ULTIMA FERMATA
VOLTI DAL PASSATO
Edizioni Book Sprint
234 pagine
Tra le righe…
Come in ogni grande organizzazione che si rispetti anche quella dove Matteo prestava servizio era composta da un buon numero di uffici, corridoi, targhette sulle porte, archivi e naturalmente tabelloni.

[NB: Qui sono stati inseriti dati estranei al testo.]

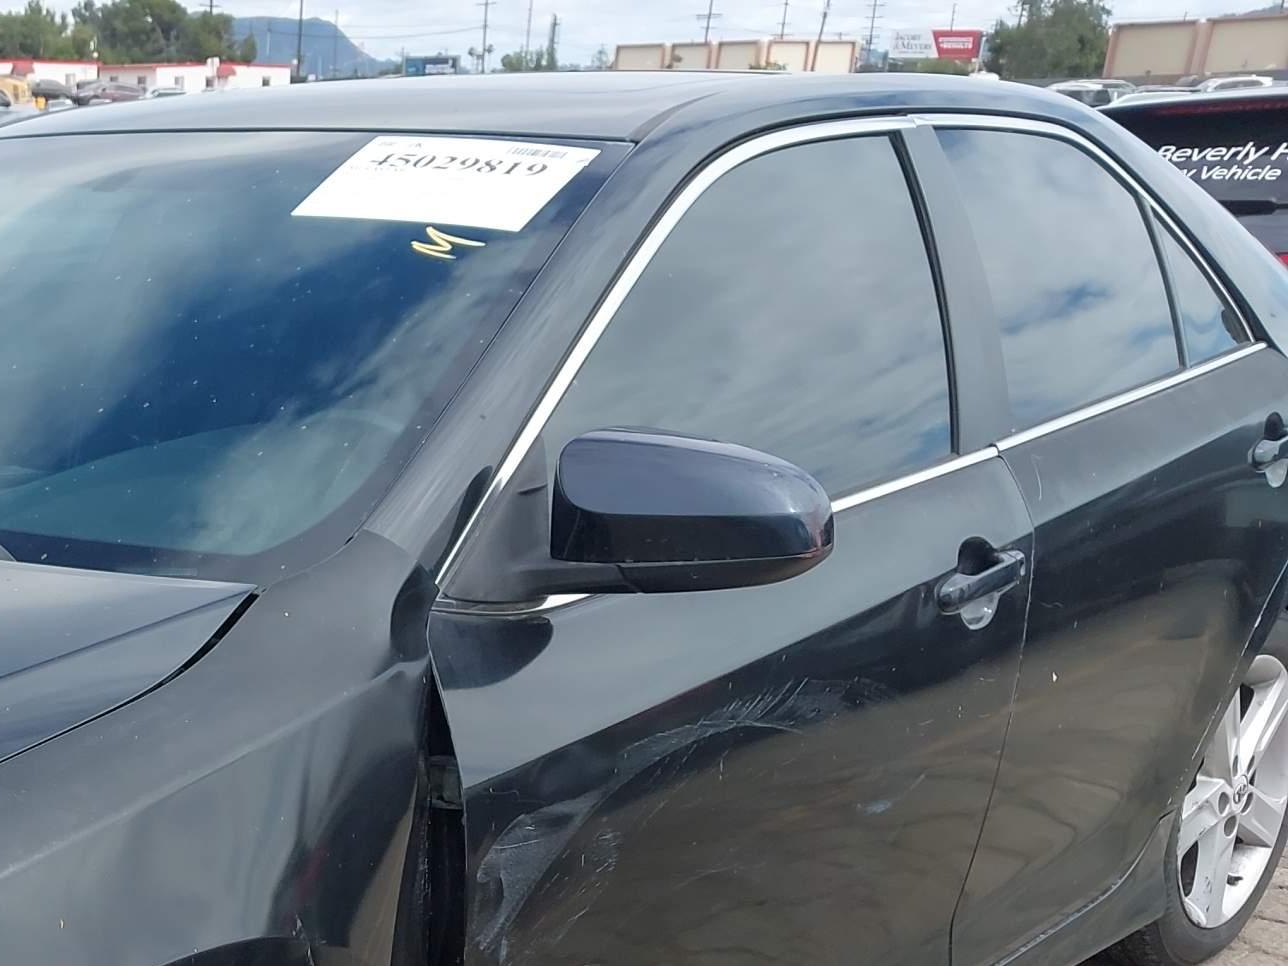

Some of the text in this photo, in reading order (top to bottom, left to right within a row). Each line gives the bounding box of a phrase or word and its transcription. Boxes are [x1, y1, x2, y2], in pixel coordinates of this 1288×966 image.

[369, 152, 549, 177] 45029819
[1158, 142, 1269, 165] Beverly
[1201, 164, 1282, 180] Vehicle

Uno dei tabelloni più visitati in assoluto era e rimaneva quello degli orari. La ragione per quel afflusso costante di occhi era semplice e naturale. Tutti sentivano il pressante desiderio di conoscere il proprio turno il più presto possibile per potersi organizzare la settimana o il mese; in questo modo ognuno aveva il tempo di poter effettuare cambi di turno per poter passare più tempo con i figli o per scappare dalla suocera. Il nostro eroe si stagliava quindi statico davanti ad uno dei suddetti cartelloni, il quale somigliava più ad un foglio battuto a computer che a un tabellone nell’immaginario collettivo. Matteo oscillava sui talloni, le mani sui fianchi a formare due piccoli archi acuti, gli occhi febbrilmente alla ricerca del proprio nome. Era talmente assorto in contemplazione che gli sfuggì il rumore delle suole delle sneakers bianche di Dan che si fermarono alle sue spalle. Dan, consapevole della sua naturale bellezza, pelle ben brunita, freccine in ordine, sguardo leggermente vacuo, posò una mano sulla spalla dell’amico. Quando Matteo saltò dallo spavento fu un vero e proprio balzo in avanti nel tempo e nello spazio. Il suo cuore accelerò e lo spazio tra lui e il cartellone si ridusse notevolmente.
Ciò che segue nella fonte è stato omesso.